Action item
Print all of the data exactly, but drop the pictures.

Free-text object descriptions

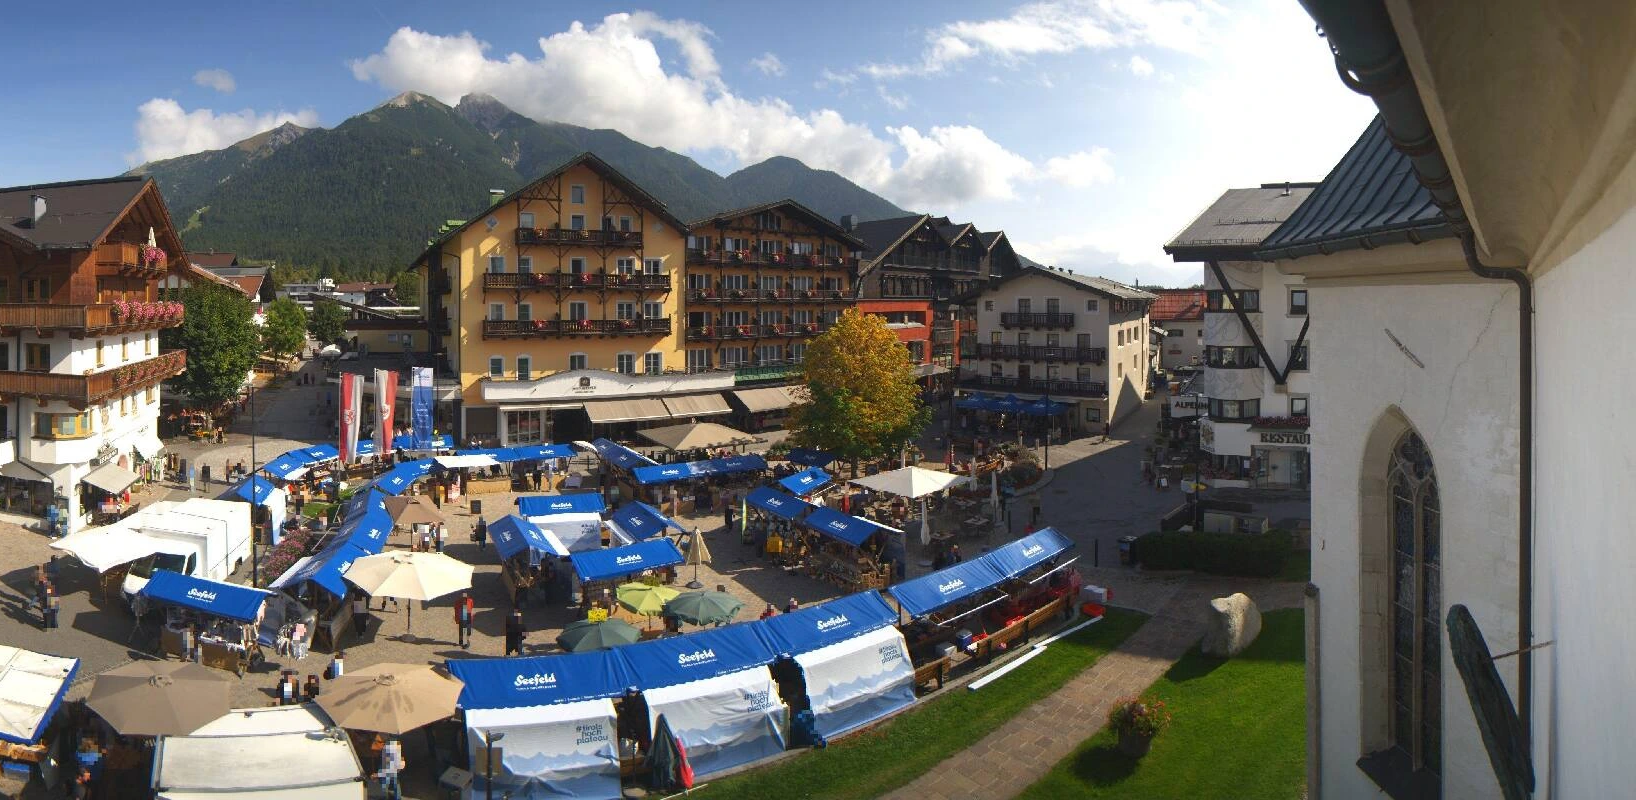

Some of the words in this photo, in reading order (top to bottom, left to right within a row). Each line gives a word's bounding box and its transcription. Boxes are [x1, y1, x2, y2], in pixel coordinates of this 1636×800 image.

[188, 588, 216, 600] Seefeld
[817, 614, 847, 629] Seefeld
[678, 649, 715, 664] Seefeld
[514, 672, 556, 686] Seefeld
[576, 723, 603, 732] #tirols
[576, 735, 608, 745] plateau
[581, 730, 602, 738] hoch

Result of this task
Some of the words in this photo, in reading order (top to bottom, left to right within a row). Each line gives a word's bounding box and its transcription. Boxes are [x1, y1, x2, y2], in pixel coordinates of this 1636×800 image.

[188, 588, 216, 600] Seefeld
[817, 614, 847, 629] Seefeld
[678, 649, 715, 664] Seefeld
[514, 672, 556, 686] Seefeld
[576, 723, 603, 732] #tirols
[576, 735, 608, 745] plateau
[581, 730, 602, 738] hoch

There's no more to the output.